Kai Thomas Geiger: Ja stimmt, kurz vor Druck sagte der Verlag, dass zwei Namen zu nah beieinander liegen. Dann hab ich einen Namen komplett geändert. 

Johannes Wördemann: Als wir das bemerkt hatten, hab ich angefangen direkt aus dem Roman zu lesen, ohne Betonungszeichen, ohne alles. Und das war ein totales Geschenk! Ich wurde dadurch noch freier und diese Anarchie, die natürlich grade dieser Text auch hat, wurde dadurch noch deutlicher.

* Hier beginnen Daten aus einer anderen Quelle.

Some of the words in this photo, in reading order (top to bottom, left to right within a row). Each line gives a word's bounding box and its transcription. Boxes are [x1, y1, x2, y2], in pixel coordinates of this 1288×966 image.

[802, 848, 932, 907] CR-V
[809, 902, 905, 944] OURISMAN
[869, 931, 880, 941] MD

Und irgendwann warst du richtig drin in der Geschichte - das sind ja am Ende immerhin rund 500 Minuten...

Kai Thomas Geiger: Irgendjemand hat neulich gesagt: 'Saugut für die Strecke von Stuttgart nach Bukarest'.

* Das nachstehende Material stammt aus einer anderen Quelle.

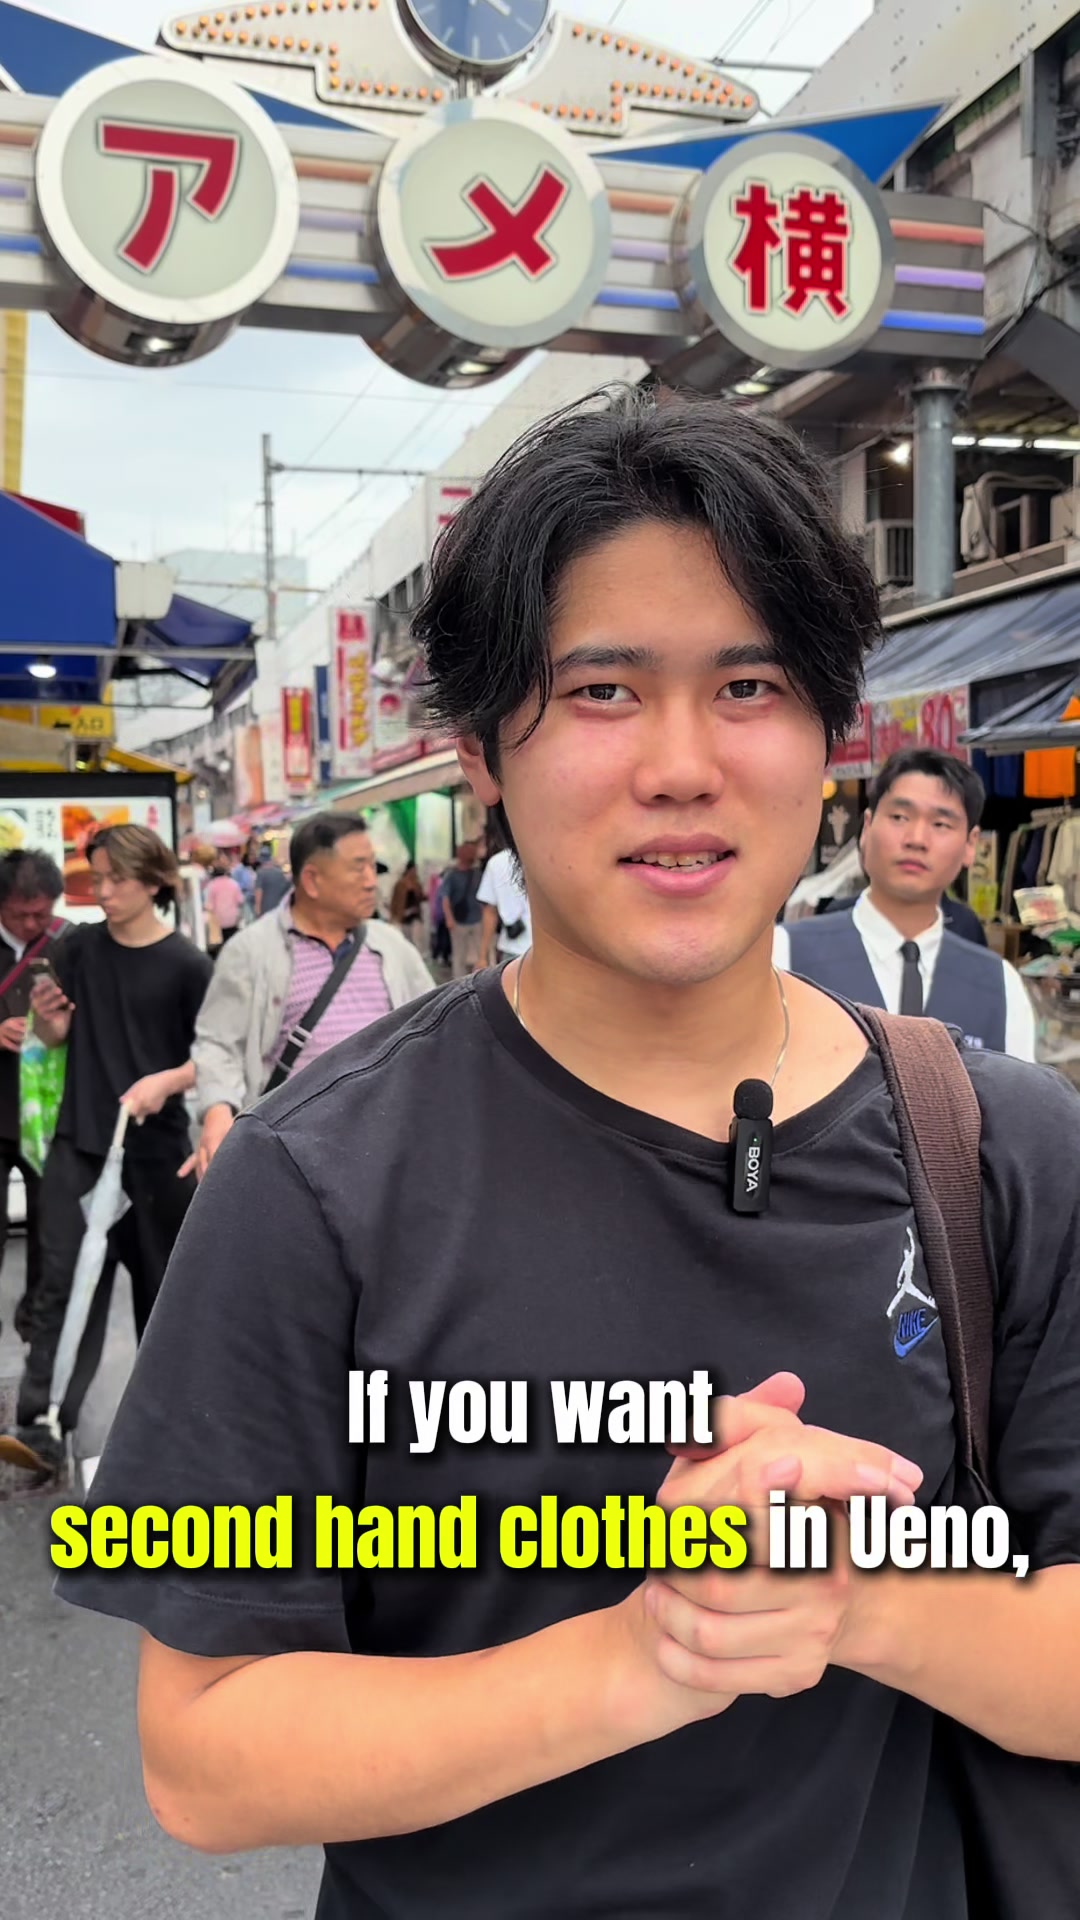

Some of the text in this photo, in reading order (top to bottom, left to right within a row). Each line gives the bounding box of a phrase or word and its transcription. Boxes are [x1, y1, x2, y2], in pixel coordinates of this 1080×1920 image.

[97, 118, 850, 319] アメ横
[746, 1146, 760, 1192] BOYA
[899, 1307, 927, 1339] NIKE

Johannes Wördemann: Ich bin irgendwann echt in den Flow reingekommen. Ich saß jeden Tag im Studio. Es war Winter, draußen war es kalt. Ich kam immer mit der Mütze tief ins Gesicht gezogen und Jogginghose bei Arne an - der hat mich irgendwann ausgelacht. So eine Studiozeit kriegt automatisch irgendwann etwas meditatives. Aber ich war in dieser Zeit richtig drin in dieser Teenagerwelt, saß im Stuttgarter 44er-Bus...

Kai Thomas Geiger: 72er! Sonst kommst du an den Westbahnhof. (lacht)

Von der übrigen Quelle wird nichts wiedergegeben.